Farebrother was born at Chelsea in February 1920. He was educated at Eton College, before going up to Trinity College, Oxford. While studying at Oxford, he made a single appearance in first-class cricket for Oxford University against a combined Minor Counties cricket team at Oxford in 1939. Playing as a left-arm fast-medium bowler, he took the wickets of Frank Dennis and David Watson in the Minor Counties first innings, while in their second innings he dismissed Alan Parnaby and Watson, finishing with match figures of 4 for 128. With the declaration of war on Germany in September 1939, Farebrother's first-class career came to a premature end, though he did complete his studies.

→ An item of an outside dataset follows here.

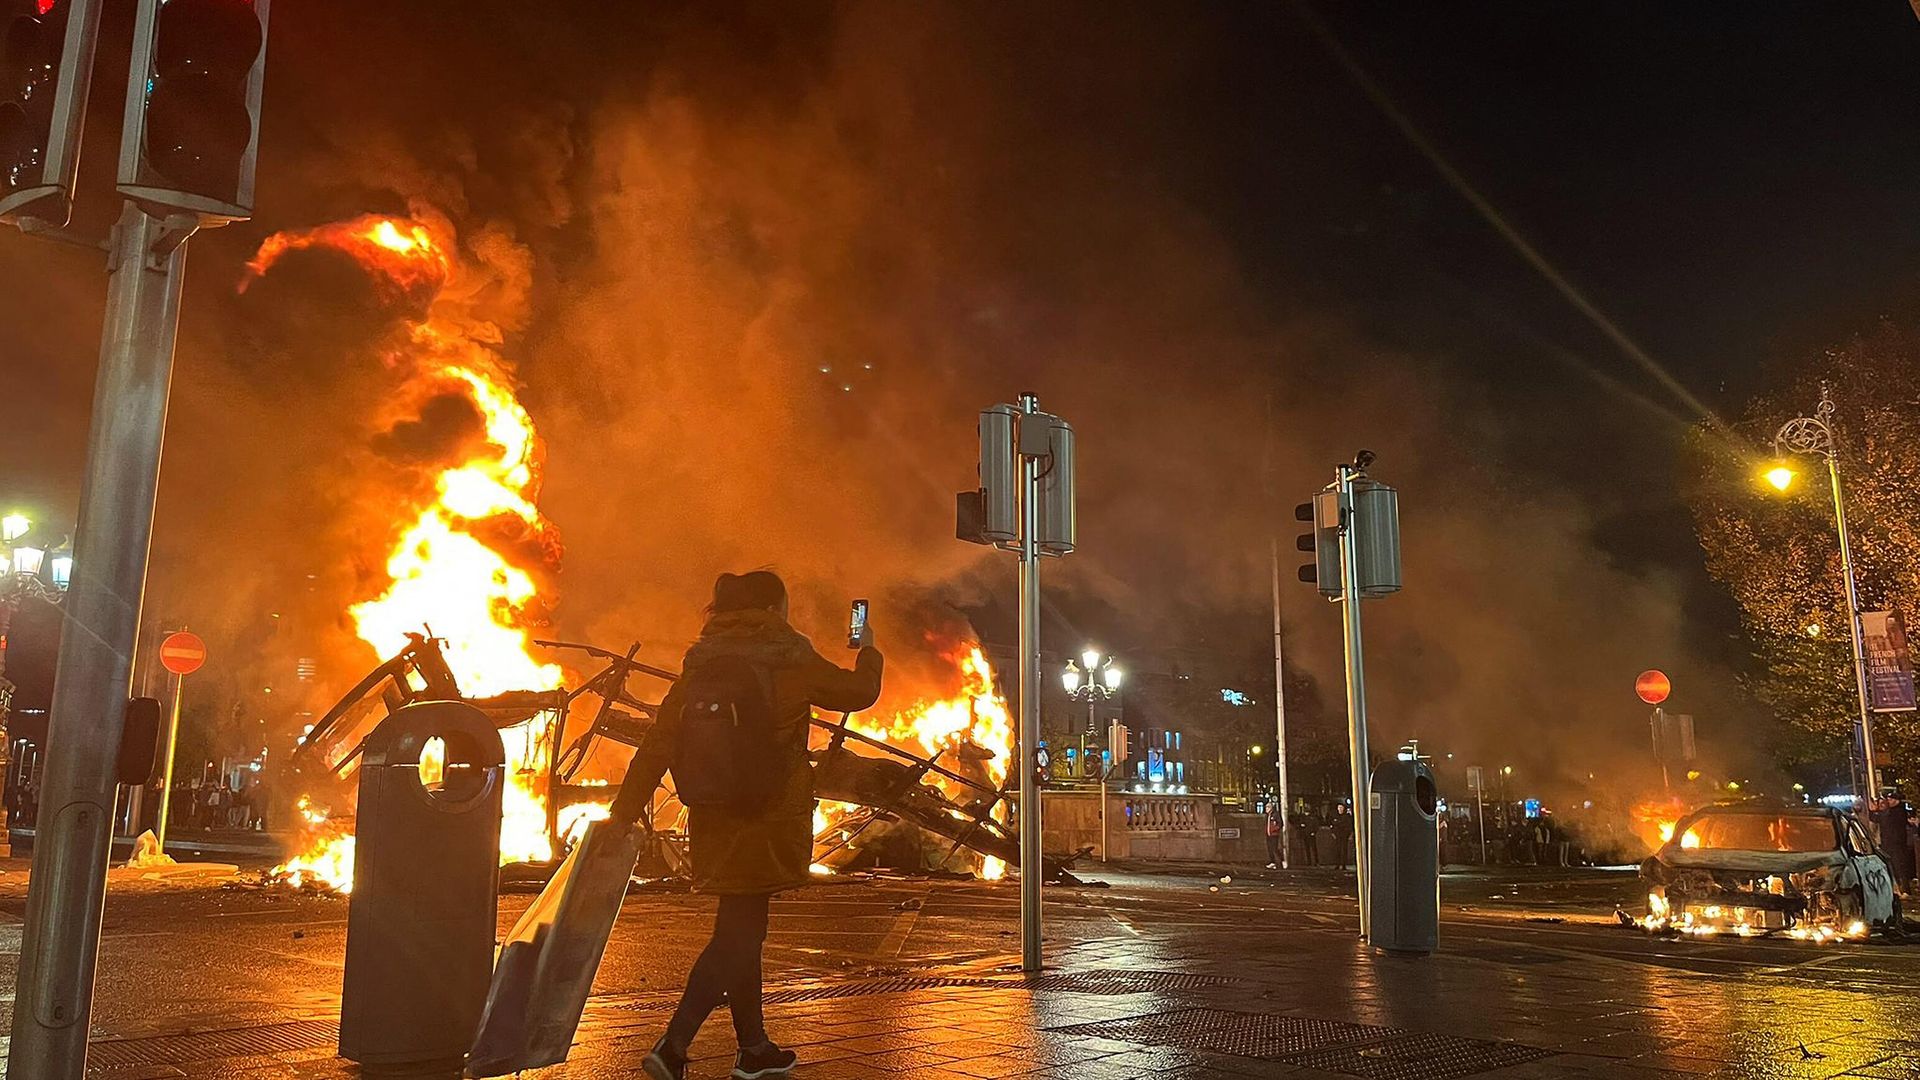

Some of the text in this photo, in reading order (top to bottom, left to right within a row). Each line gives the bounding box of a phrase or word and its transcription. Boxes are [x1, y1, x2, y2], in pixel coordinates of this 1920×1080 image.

[1870, 650, 1896, 658] FRENCH
[1871, 658, 1886, 666] FILM
[1871, 665, 1901, 674] FESTIVAL

After graduating from Oxford, Farebrother served in the Second World War with the Grenadier Guards, being commissioned as a second lieutenant in December 1940. He served in the Italian campaign and was erroneously reported as killed in action in Italy in the 1945 edition of the Wisden Cricketers' Almanack. He continued to serve with the Grenadier Guards after the war, gaining the rank of lieutenant in January 1949. By the 1950s, Farebrother was working as a schoolmaster and in 1956 he was appointed to the post of headmaster at St Peter's School, Seaford. During the 1956–57 Christmas holidays, he was the personal tutor to Charles, Prince of Wales at Windsor Castle. Farebrother was the headmaster at Seaford until his retirement in 1982, which resulted in the closure of the school in the same year. He died at Seaford in September 1987.